By the time the once-monster storm makes its way far enough north for North Carolina to feel any effects, it will have weakened a long way from the Category 3 that threatens landfall along the west coast of Florida Sunday.

"The way this track sets up, the whole west coast of Florida is in play," Fishel said.

Updated Irma track

Hurricane-force winds whipped the Florida Keys, closed Tampa Bay's Skyway Bridge and blew through a largely empty Miami Saturday at the leading edge of the storm.

The forecast track puts Irma into southern Georgia as a Category 1 hurricane by Monday afternoon, and remnant rains over Kentucky and Tennessee through midweek, Fishel said.

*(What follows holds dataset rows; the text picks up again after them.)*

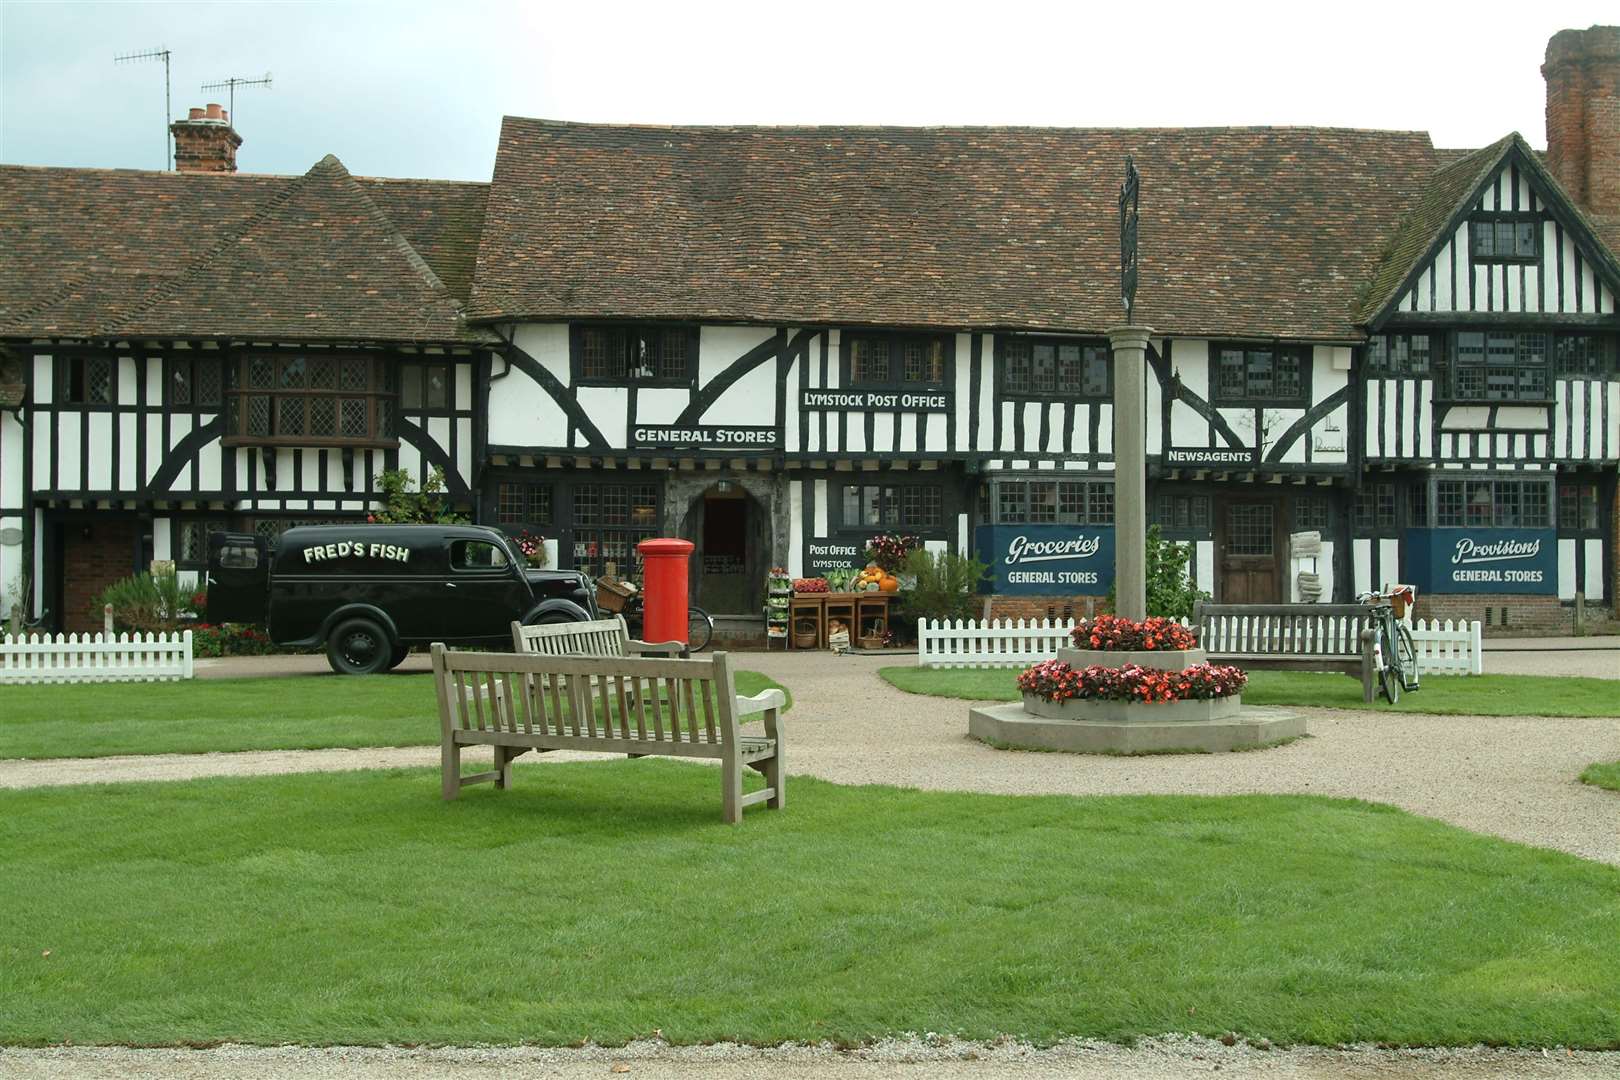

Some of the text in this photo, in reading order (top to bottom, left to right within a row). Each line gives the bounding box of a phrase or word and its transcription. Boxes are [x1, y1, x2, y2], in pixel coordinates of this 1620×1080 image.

[804, 392, 946, 408] LYMSTOCK POST OFFICE
[634, 428, 777, 443] GENERAL STORES
[1168, 450, 1252, 462] NEWSAGENTS
[303, 540, 410, 564] FRED'S FISH
[809, 544, 857, 556] POST OFFICE
[1004, 534, 1100, 565] Groceries
[1451, 538, 1540, 564] Provisions
[812, 560, 852, 569] LYMSTOCK
[1008, 571, 1098, 584] GENERAL STORES
[1452, 569, 1543, 582] GENERAL STORES

"Once it gets over land, it will weaken quite a bit wind-wise," Fishel said, "but Georgia, Alabama and Tennessee will still get quite a bit of rain before it's all over."

Only the far southwest corner of North Carolina lies inside the storm's "cone of uncertainty," and as a precaution, the American Red Cross opened shelters Saturday evening in Henderson, Gaston, Mecklenberg and Johnston counties.

The U.S. National Hurricane Center's latest forecast projects Irma's potent eye could make multiple landfalls in Florida.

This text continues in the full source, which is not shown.